Down-stream consequences

Fert Options
with Robin Boom
Agronomic Advisory Services

 At the beginning of December both Ballance and Ravensdown lifted their prices on many of their base fertiliser products. Superphosphate, Muriate of Potash and Urea all went up around 10 per cent, compared to July 2020. Superphosphate is now 20 per cent more expensive, sulphur and muriate of potash are 30 per cent more expensive, sulphate of ammonia is 40 per cent more expensive, DAP and triple super 70 per cent more expensive and urea has almost doubled in price. There are still some private importers who are selling products cheaper than both co-operatives, but once rebates and logistic issues are factored in, the price differential narrows or disappears.

Some farmers have suggested to me that these price lifts are driven by the current high milk and meat prices farmers are being paid, but this is not the case. There is no price-gouging by the fertiliser companies, but rather the price lifts are due to the increased international fertiliser prices, partly driven by lack of supply, and also the increased shipping costs. Ravensdown have made the call that they will not be putting up their prices again until at least May 2022, so this should take the pressure off hill country farmers in particular, trying to get their annual fertiliser on earlier in case prices go up in the interim.
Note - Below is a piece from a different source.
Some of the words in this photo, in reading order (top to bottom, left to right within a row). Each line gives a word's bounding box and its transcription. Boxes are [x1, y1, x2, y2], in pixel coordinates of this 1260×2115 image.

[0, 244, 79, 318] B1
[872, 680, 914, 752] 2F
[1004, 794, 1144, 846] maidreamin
Nitrogen boosted pasture was costing around 10c/kg DM in 2020, but now it is around 20c/kg DM, but it is still probably the cheapest additional feed that can be purchased compared to PKE, grains, hay or silage. Even summer crops, while providing important stock feed in dry conditions will be costing 15-35c/kg DM depending on the crop itself. The cheapest feed however is addressing soil nutrient deficiencies of P, K, S, lime and trace elements. These were costing 3-5c/kg DM, but with current prices these will now be 5-7c/kg DM as long as these are applied to soils with known deficiencies.

Where all of the nutrient levels are adequate, maintaining these is important to prevent any future drop in pasture production, so is still an economic exercise. It is only where there are excessive levels that not applying a particular nutrient or nutrients should be considered. This is where soil and herbage testing is so important in identifying which elements are low and whether capital, maintenance or sub-maintenance/nil rates of fertiliser should be applied.
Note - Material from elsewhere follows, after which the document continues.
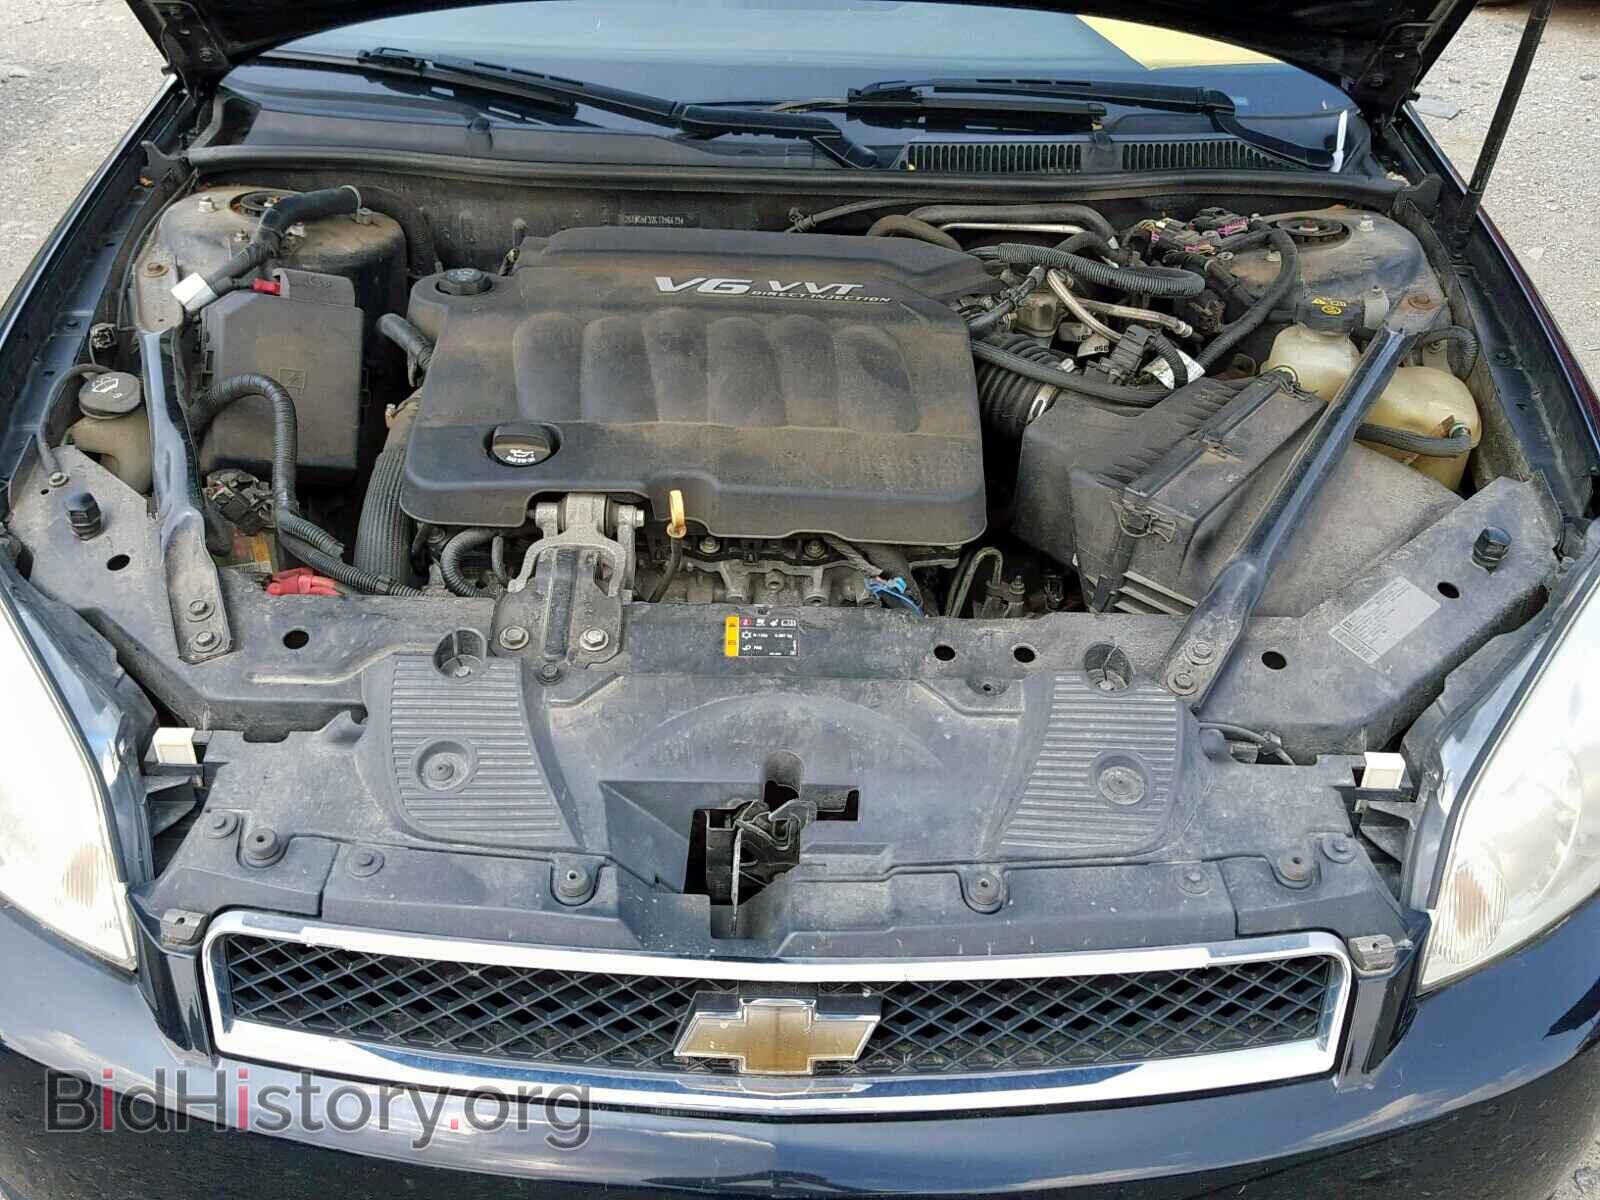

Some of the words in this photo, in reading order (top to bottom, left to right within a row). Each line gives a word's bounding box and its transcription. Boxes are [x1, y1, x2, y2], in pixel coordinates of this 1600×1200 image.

[655, 277, 753, 294] V6
[768, 280, 864, 295] VVT
[752, 290, 807, 298] DIRECT
[809, 294, 891, 303] INJECTION
There has been minor shifts in lime prices, although Ravensdown have been running a special on their Supreme lime for December with 6c/tonne off and another 6c/tonne off application if applied by Wanganui Aero Works for hill country farmers. The trace elements zinc and copper have increased around 25 per cent since last year, but cobalt, selenium, boron, manganese and molybdenum have remained fairly stable.


With Covid-19, some of the fertiliser companies have made health and safety decisions, and told their reps and other staff they are not allowed to meet in person with unvaccinated farmers and growers, and can only contact them via Zoom or telephone. I have a number of clients who have not been jabbed and insist that they will not get jabbed on principle. Although double-jabbed myself, I cannot see how the unvaccinated are a threat to the vaccinated, and I dislike the increased pressure, coercion, division and alienation it has caused within families and the community.

I believe a person should be sovereign over their own bodies, and have the right to choose what they want inserted into them, much like a land owner makes the ultimate decision on what is applied to his/her land. The farmer may listen to the advice of a professional, but not all professionals will agree, as the advice is often given with the vested interests of a particular company. There can also be down-stream consequences of what is applied to the soil as far as the environment is concerned, so there is a responsibility on the land owner on fertiliser decisions which may negatively affect the community. So too the decision of being vaccinated or not and any down-stream consequences this has on the community as a whole. Being self-employed, I have no qualms meeting up with unvaccinated clients. I do not believe they are a threat to me nor should they be held out as pariahs and discriminated against. We will all eventually catch one of the Covid variants.

It must be difficult being a politician these days, as whatever decision they make, there are going to be unhappy people. They listen to certain advisors who often have a very narrow perspective and are focussed on one thing, such as health, whereas their advice may negatively affect other things like the economy, unemployment, mental well-being, domestic and community cohesion etc. Similarly with the Environment, Three Waters, and Climate Change policies, the government will listen to certain advisors which will have negative consequences down-stream on certain other communities.